Hence, it can be written as:
${{b}^{2}}-{{a}^{2}}={{c}^{2}}-{{b}^{2}}...................(1)$
Now, from the sine rule of a triangle we know that:
$\dfrac{a}{\sin A}=\dfrac{b}{\sin B}=\dfrac{c}{\sin C}=k$
$\therefore a=k\sin A$, $b=k\sin B$ and $c=k\sin C$
Now, after putting the value of a, b, c in equation (1) we will get:
${{k}^{2}}{{\sin }^{2}}B-{{k}^{2}}{{\sin }^{2}}A={{k}^{2}}{{\sin }^{2}}C-{{k}^{2}}{{\sin }^{2}}B$
$\Rightarrow {{k}^{2}}\left( {{\sin }^{2}}B-{{\sin }^{2}}A \right)={{k}^{2}}\left( {{\sin }^{2}}C-{{\sin }^{2}}B \right)$
$\therefore \left( {{\sin }^{2}}B-{{\sin }^{2}}A \right)=\left( {{\sin }^{2}}C-{{\sin }^{2}}B \right)$
We know that ${{\sin }^{2}}A-{{\sin }^{2}}B=\sin \left( A+B \right)\sin \left( A-B \right)$:
Hence, the above equation can be rewritten as:
$\Rightarrow \sin \left( B+A \right)\sin \left( B-A \right)=\sin \left( C+B \right)\sin \left( C-B \right)................(2)$
Now, for every \[\Delta ABC\], we know that:
$A+B+C=\pi =180{}^\circ $
$\therefore \left( B+A \right)=\pi -C$and $\left( C+B \right)=\pi -A$
Now, put $\left( B+A \right)=\pi -C$and $\left( C+B \right)=\pi -A$in equation (2).
$\Rightarrow \sin \left( \pi -C \right)\sin \left( B-A \right)=\sin \left( \pi -A \right)\sin \left( C-B \right)$
We know that $\sin \left( \pi -C \right)=\sin C$and $\sin \left( \pi -A \right)=\sin A$, we also know that $\sin \left( A-B \right)=\sin A\cos B-\sin B\cos A$
$\Rightarrow \sin C\sin \left( B-A \right)=\sin A\sin \left( C-B \right)$
$\Rightarrow \sin C\left( sinB\cos A-\sin A\cos B \right)=\sin A\left( \sin C\cos B-\sin B\cos C \right)$
$\Rightarrow \sin C\sin B\cos A-\sin C\sin A\cos B=\sin A\sin C\cos B-\sin A\sin B\cos C$
Now, after dividing both the side of the equation by $\sin A\sin B\sin C$,we will get:
$\Rightarrow \dfrac{\sin C\sin B\cos A}{\sin A\sin B\sin C}-\dfrac{\sin C\sin A\cos B}{\sin A\sin B\sin C}=\dfrac{\sin A\sin C\cos B}{\sin A\sin B\sin C}-\dfrac{\sin A\sin B\cos C}{\sin A\sin B\sin C}$
$\Rightarrow \dfrac{\cos A}{\sin A}-\dfrac{\cos B}{\sin B}=\dfrac{\cos B}{\sin B}-\dfrac{\cos C}{\sin C}$
$\Rightarrow \cot A-\cot B=\cot B-\cot C$
$\Rightarrow 2\cot B=\cot A+\cot C................(3)$
We know that if $a,b,c$ are A.P. then $2b=a+c$
So, from equation (3) we can say that $\cot A,\cot B,\cot C$ are in A.P.
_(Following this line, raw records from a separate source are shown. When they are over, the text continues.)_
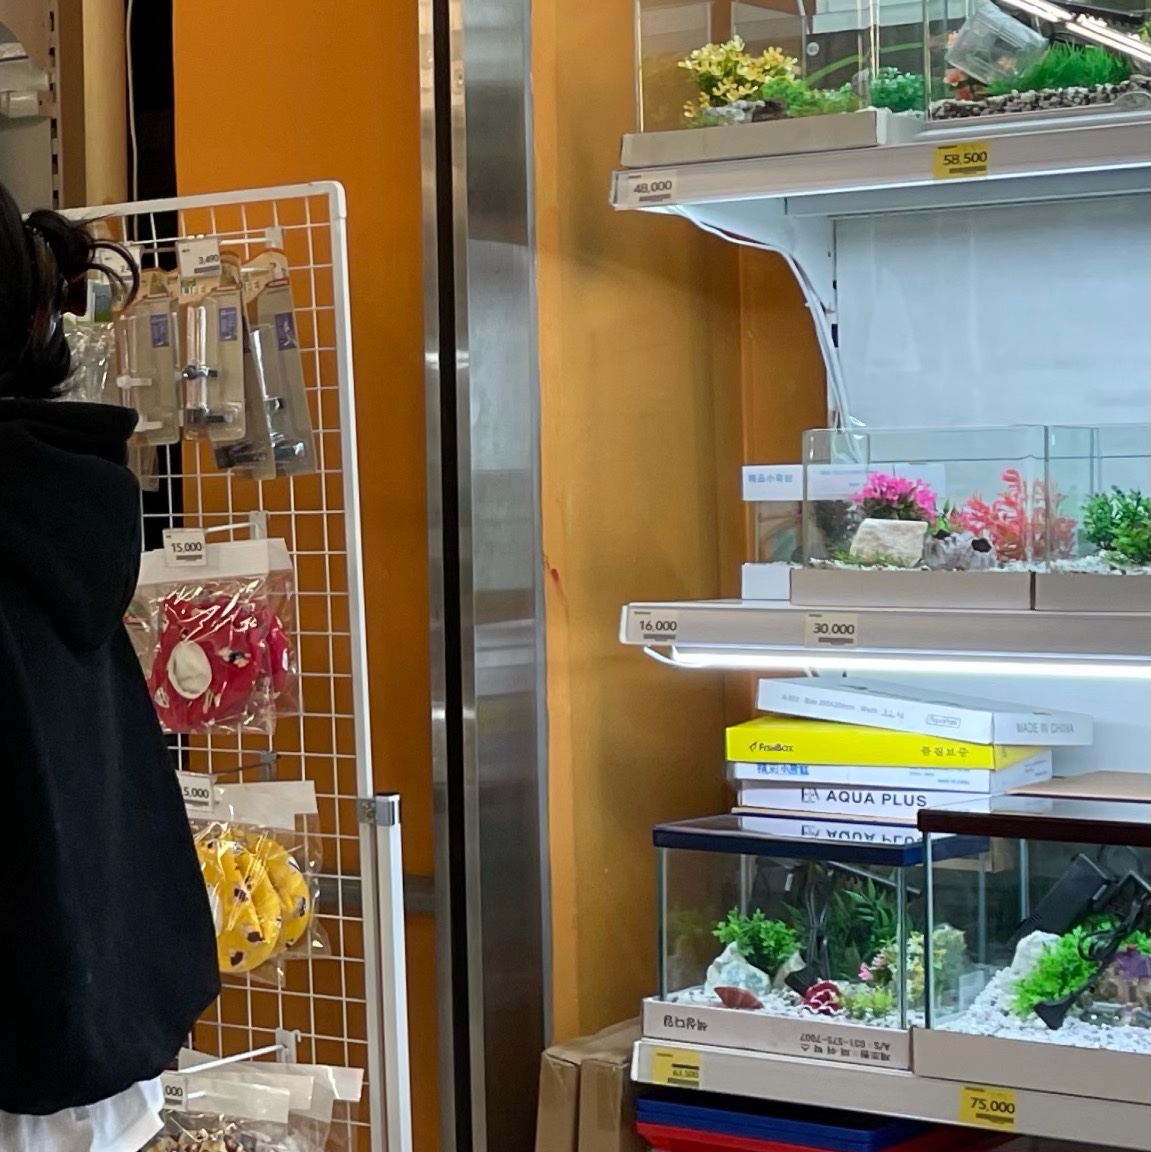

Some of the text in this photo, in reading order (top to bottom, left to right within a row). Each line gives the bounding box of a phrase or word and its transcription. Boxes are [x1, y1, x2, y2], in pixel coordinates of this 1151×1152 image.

[943, 151, 988, 166] 58,500
[633, 180, 672, 194] 48,000
[198, 254, 219, 265] 3,490
[171, 541, 202, 553] 15,000
[639, 619, 677, 632] 16,000
[813, 622, 855, 635] 30,000
[1016, 722, 1075, 734] MADE IN CHINA
[826, 790, 927, 807] AQUA PLUS
[970, 1096, 1015, 1114] 75,000
Hence, it is proved that $\cot A,\cot B,\cot C$ are in A.P.

Note: The above question uses so many trigonometric formulas, so students are required to memorize them, and use them carefully, and so that chance of making mistakes reduces. We usually
used to write sine rule for $\vartriangle ABC$ as $\dfrac{\sin A}{a}=\dfrac{\sin B}{b}=\dfrac{\sin C}{c}=k$, but it is wrong , the correct form of it is $\dfrac{a}{\sin A}=\dfrac{b}{\sin B}=\dfrac{c}{\sin C}=k$. So, students should avoid these mistakes.